Kaucick–que entre sus ocupaciones supo ser hachador—respondía a ese perfil de arquero que hemos señalado. Titular de la meta y bastión como ninguno del ascen- so a la primera “A” de 1952, tuvo en esos inicios actuaciones descollantes que le valieron su convocatoria al arco de la Selección marplatense. 

 Su presencia en la portería de Unión duró muchos años.

En el 63, ya bastante veterano, comenzó siendo el capitán del equipo, pero en el medio del torneo faltó unos partidos por razones de trabajo y perdió para siempre el puesto a manos de la Gata Bruschetti, un felino adolescente de diecisiete años. Y así fue que se retiró definitivamente… Con las clásicas rodilleras, buzo amarillo y manos escupidas al aire libre, cuando las circunstancias lo exigían solía atajar con gorra.

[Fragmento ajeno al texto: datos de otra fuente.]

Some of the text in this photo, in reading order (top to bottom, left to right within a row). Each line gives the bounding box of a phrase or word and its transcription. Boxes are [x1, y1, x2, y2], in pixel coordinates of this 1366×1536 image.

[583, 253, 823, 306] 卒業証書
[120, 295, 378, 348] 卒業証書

Cuenta la leyenda que aquella tarde al promediar el primer tiempo surgieron densos nubarrones y al ratito nomás el Toto arrojó la gorra dentro del arco porque ya no le era útil. Faltando pocos minutos, el 0 a 0 parecía inamovible. Fue cuando Pannatieri el atacante de  San Isidro tiró un centro llovido, que no debería causar zozobras a la defensa unionista ya que no había delanteros contrarios a la vista. Pero, “éte aquí” que el sol traicionero de las cinco de la tarde y su resolana, que abruptamente aparecieron en el estadio, lo cegaron al bueno del Toto. Aún así, alcanzó a mano- tear la pelota,  que se le escapó de las manos. Como un rayo, inmediatamente, giró y se zambulló a un costado para quedar en el suelo aprisionándola contra el piso.                                    

Se levantó lentamente, con un gesto de bronca, como diciendo a mí esto no me va a volver a pasar…  Y  sin soltar la pelota se metió adentro del arco para ponerse la Gorra… Fue extremadamente difícil para todo el equipo contener al Toto y andar explicándole que el árbitro había aplicado bien el reglamento.